If a disorder is caused by the action of the immune system, we feel much better if we disable it. And that’s what these drugs do. But there is a huge price to pay for weakening the immune system. Without an immune system a person has no resistance to cancer or opportunistic infections like pneumonia.
The ‘complication’ causing Glenn Frey’s death was the prescription drugs that had been prescribed for his autoimmune conditions. There are natural, magical, alternatives that he never heard about from his doctors. It didn’t have to happen.
TV personality Deborah Norville said that her mother died prematurely “from Rheumatoid Arthritis.”
With all due respect to Ms Norville, no one dies from RA. Like osteoarthritis and many other non-fatal conditions among the genetically susceptible (e.g., Down’s Syndrome, mental illnesses), RA is more a disorder and less a disease.

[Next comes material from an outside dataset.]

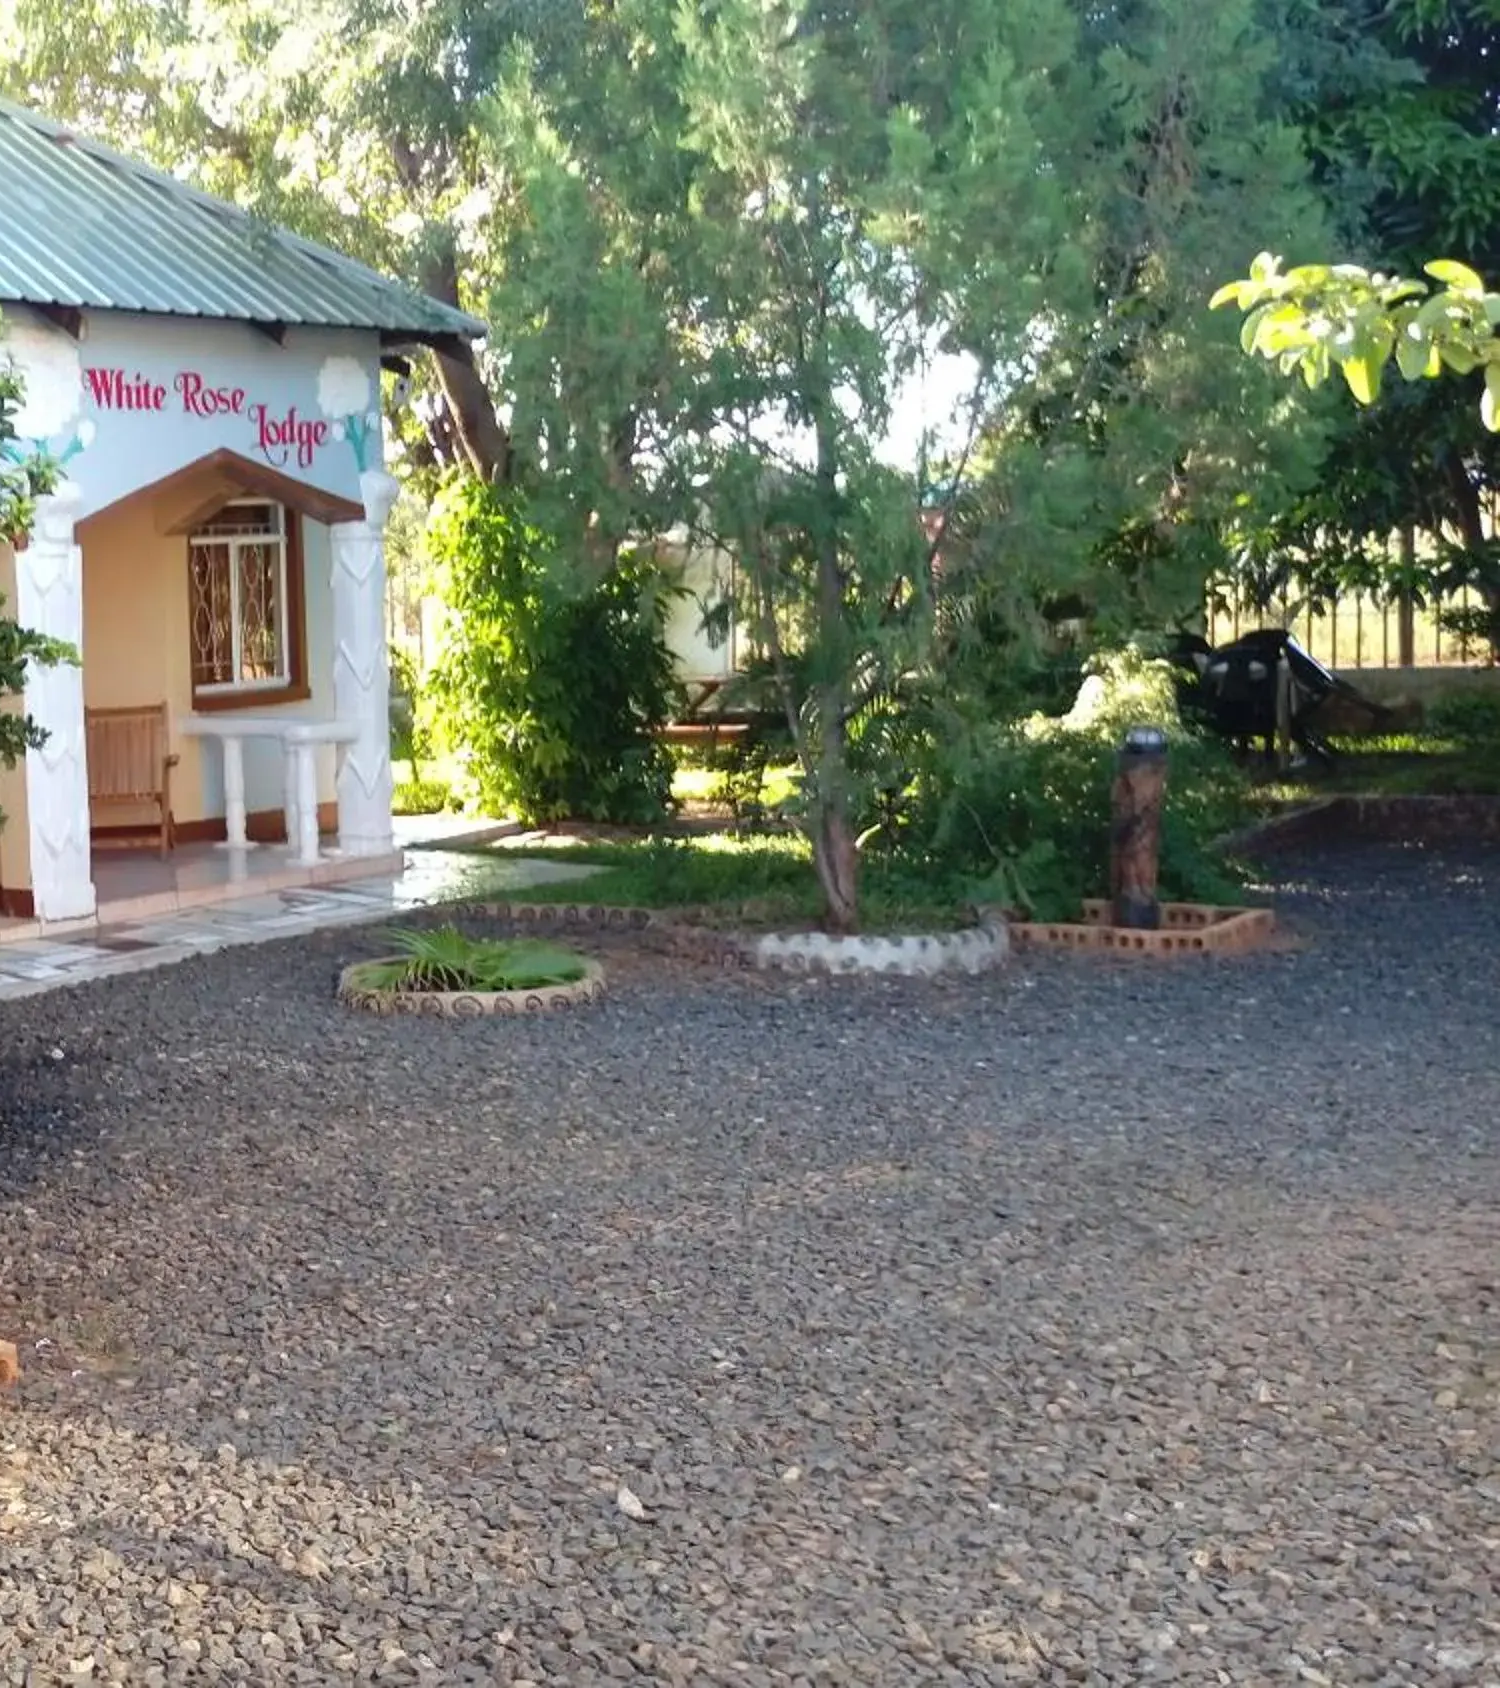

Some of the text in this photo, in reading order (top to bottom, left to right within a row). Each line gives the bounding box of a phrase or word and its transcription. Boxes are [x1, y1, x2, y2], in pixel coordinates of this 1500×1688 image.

[83, 367, 245, 418] White Rose
[247, 403, 328, 468] Lodge

All of us who live with the condition will die ‘with RA’ just as we will die ‘with a liver’, ‘with a brain’, ‘with fingernails.’ RA is not in the same mortality category as diabetes or stroke, leading causes of death listed on death certificates.
Nevertheless, Rheumatoid Arthritis can be a contributing factor to death from other causes, generally inflammation-related, but one is hard pressed to find any records listing RA as a cause of death by itself. In this list of annual causes of mortality, RA is conspicuously absent.
Any number of studies have concluded that those of us with Rheumatoid Arthritis are doomed to die several years before we would otherwise, usually, they say, from cardiovascular disease (CVD). In vanishingly rare instances inflammation resulting from the disease attacks a vital organ like the heart and the patient may die. Even then the cause of death is inflammation officially coded, for example, as ‘pericarditis,’ not Rheumatoid Arthritis.
It’s clear that a major problem is inflammation. But it’s not the only problem. The other big cause of death for us is the drugs we take, both over the counter and prescription.